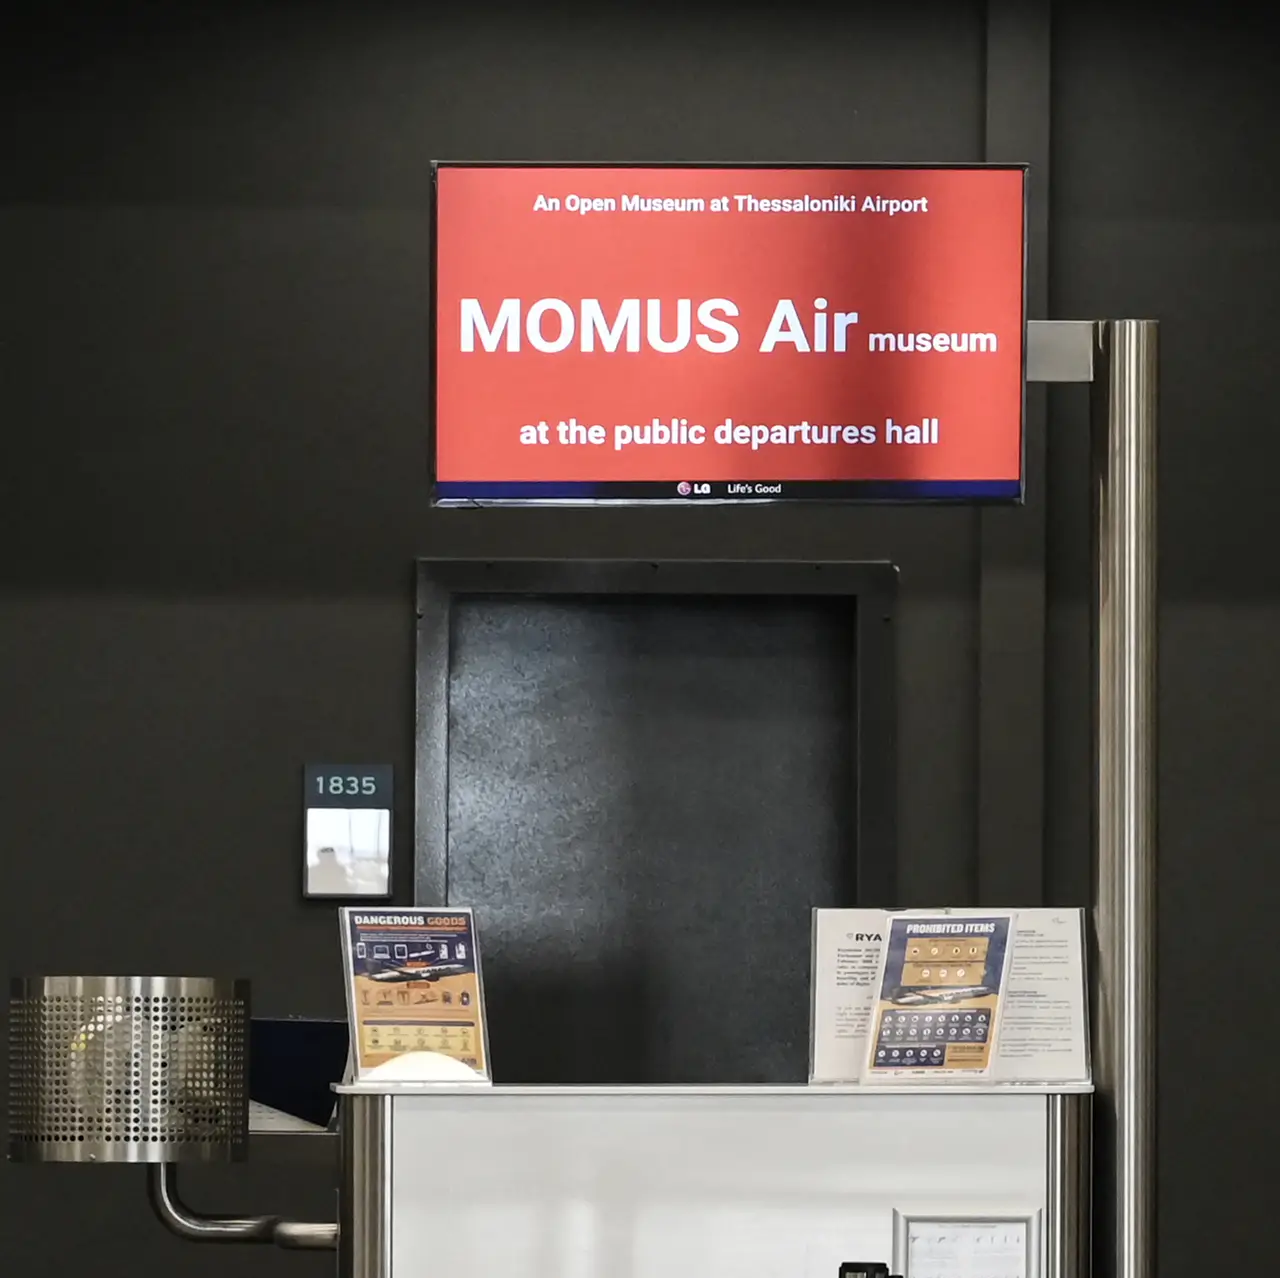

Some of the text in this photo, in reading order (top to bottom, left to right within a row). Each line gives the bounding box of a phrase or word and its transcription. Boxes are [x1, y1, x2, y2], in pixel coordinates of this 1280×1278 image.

[533, 195, 928, 216] An Open Museum at Thessaloniki Airport
[459, 297, 998, 354] MOMUS Air museum
[519, 419, 939, 451] at the public departures hall
[694, 483, 711, 494] LG
[727, 483, 782, 494] Life's Good
[316, 776, 376, 795] 1835
[354, 915, 466, 926] DANGEROUS GOODS
[906, 923, 996, 934] PROHIBITED ITEMS
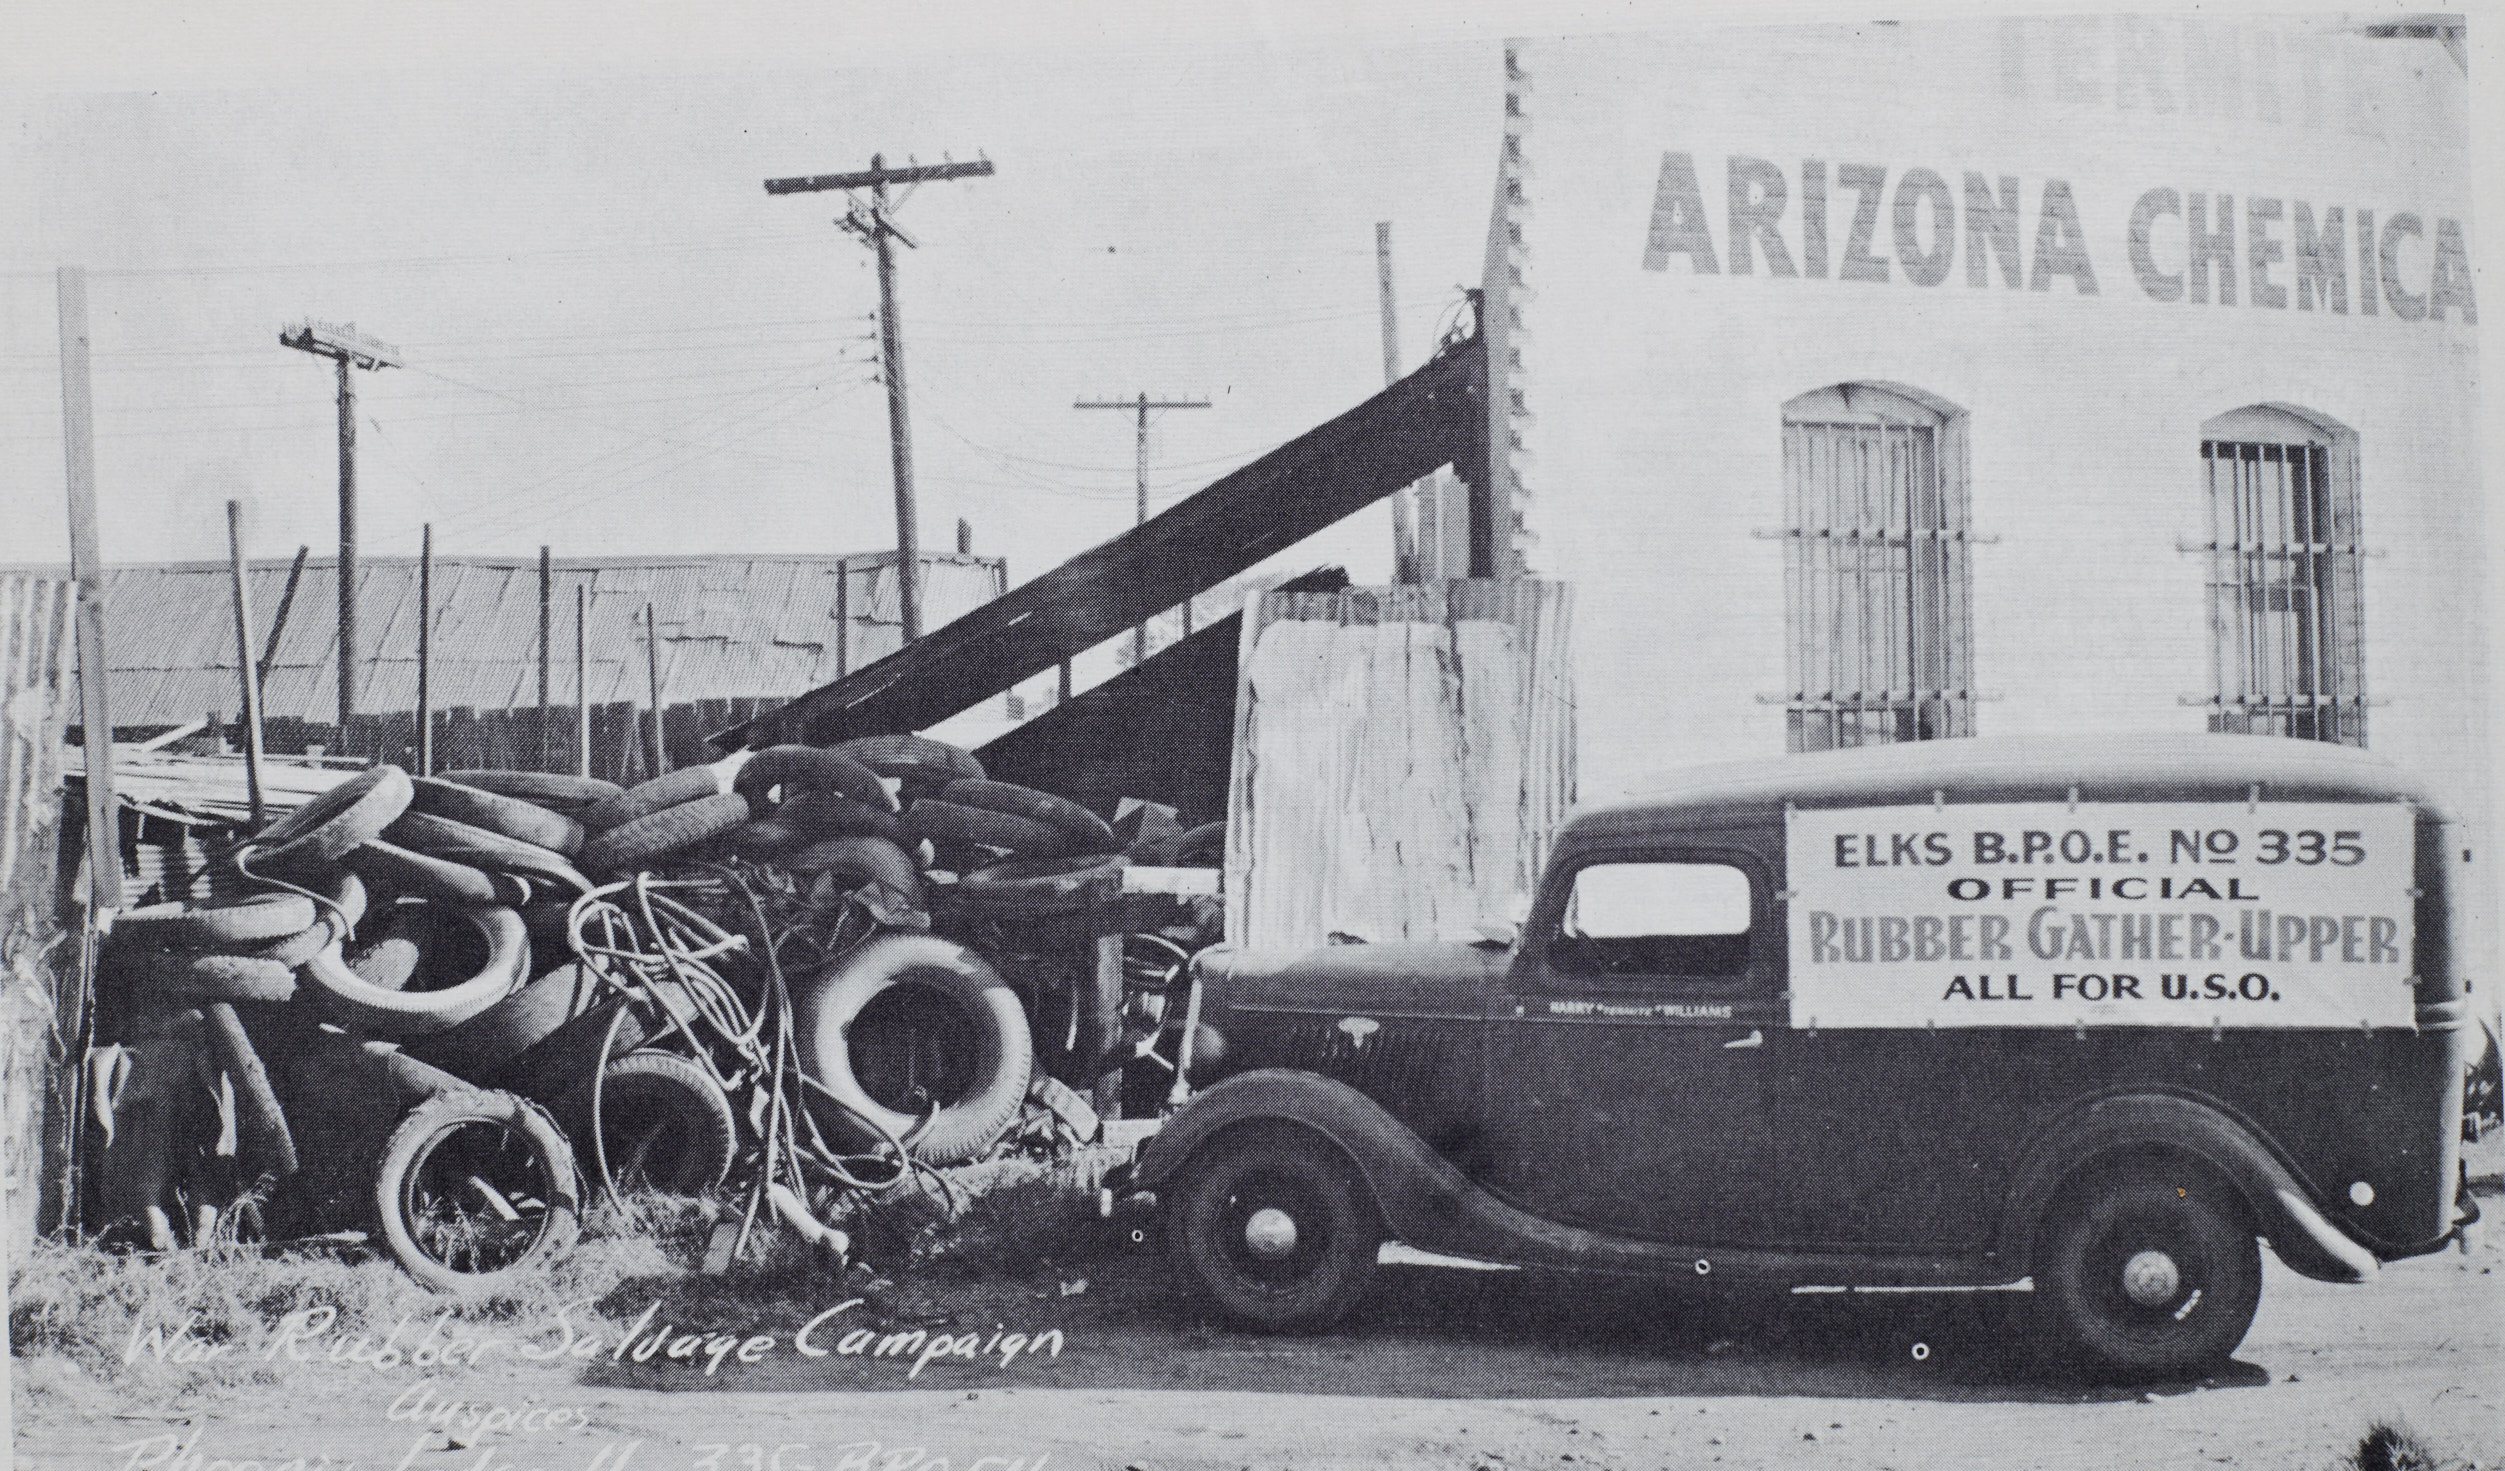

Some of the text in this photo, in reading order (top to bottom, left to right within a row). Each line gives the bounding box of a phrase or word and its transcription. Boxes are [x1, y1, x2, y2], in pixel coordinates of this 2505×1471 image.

# YOUR INSTRUCTIONS
Return all the lines above exactly; none of the pictures should appear.

# COMPLETED TASK
Some of the text in this photo, in reading order (top to bottom, left to right within a row). Each line gives the bounding box of a phrase or word and its transcription. Boxes are [x1, y1, x2, y2], in pixel coordinates of this 1280×1278 image.

[533, 195, 928, 216] An Open Museum at Thessaloniki Airport
[459, 297, 998, 354] MOMUS Air museum
[519, 419, 939, 451] at the public departures hall
[694, 483, 711, 494] LG
[727, 483, 782, 494] Life's Good
[316, 776, 376, 795] 1835
[354, 915, 466, 926] DANGEROUS GOODS
[906, 923, 996, 934] PROHIBITED ITEMS

Some of the text in this photo, in reading order (top to bottom, left to right within a row). Each line gives the bounding box of a phrase or word and its transcription. Boxes are [x1, y1, x2, y2], in pixel coordinates of this 2505×1471 image.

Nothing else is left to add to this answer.